» WHAT NEEDS TO BE DONE: Set the records down again in full, exactly as they are, apart from the images.

(Text-to-region grounding data)
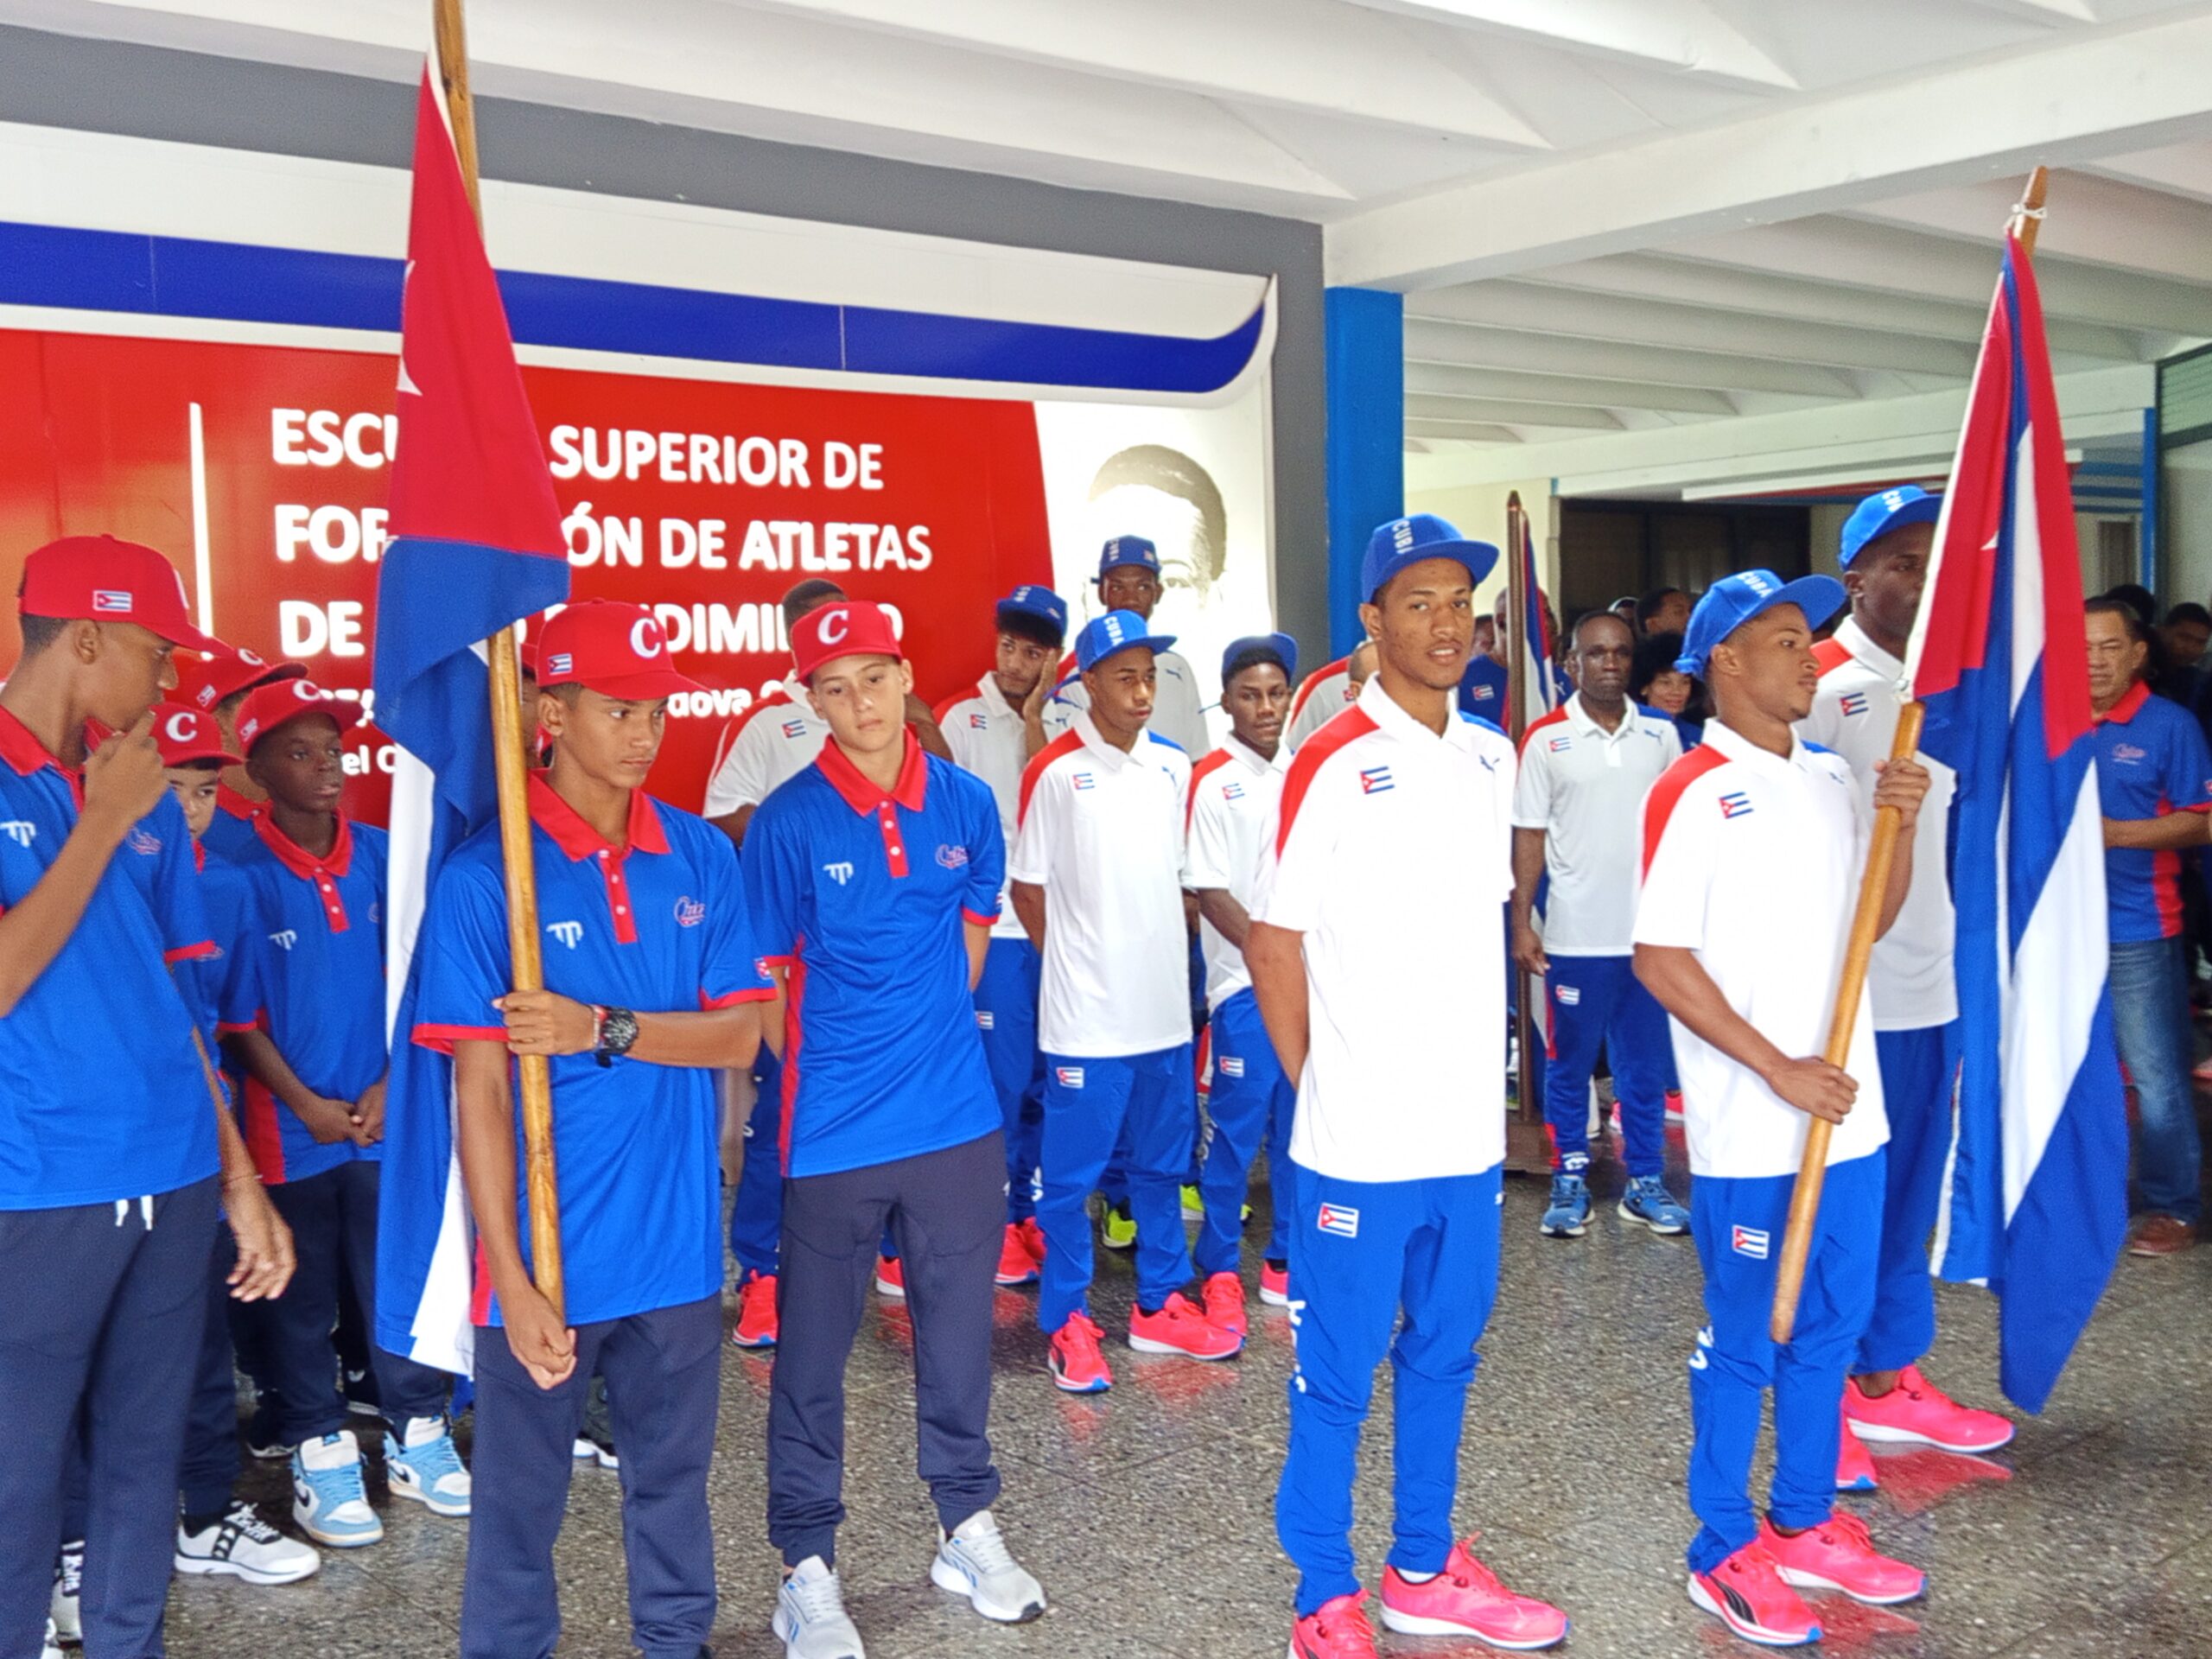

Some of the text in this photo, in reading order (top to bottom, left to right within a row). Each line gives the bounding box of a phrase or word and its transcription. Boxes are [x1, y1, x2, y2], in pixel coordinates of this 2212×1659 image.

[549, 424, 811, 488] SUPERIOR
[823, 441, 884, 490] DE
[659, 518, 728, 569] DE
[738, 519, 932, 572] ATLETAS
[1735, 571, 1774, 599] CUBA
[278, 600, 365, 658] DE
[631, 616, 662, 659] C
[817, 609, 849, 645] C
[165, 712, 197, 741] C

» ANSWER SECTION:
Some of the text in this photo, in reading order (top to bottom, left to right within a row). Each line gives the bounding box of a phrase or word and its transcription. Boxes are [x1, y1, x2, y2], in pixel coordinates of this 2212×1659 image.

[549, 424, 811, 488] SUPERIOR
[823, 441, 884, 490] DE
[659, 518, 728, 569] DE
[738, 519, 932, 572] ATLETAS
[1735, 571, 1774, 599] CUBA
[278, 600, 365, 658] DE
[631, 616, 662, 659] C
[817, 609, 849, 645] C
[165, 712, 197, 741] C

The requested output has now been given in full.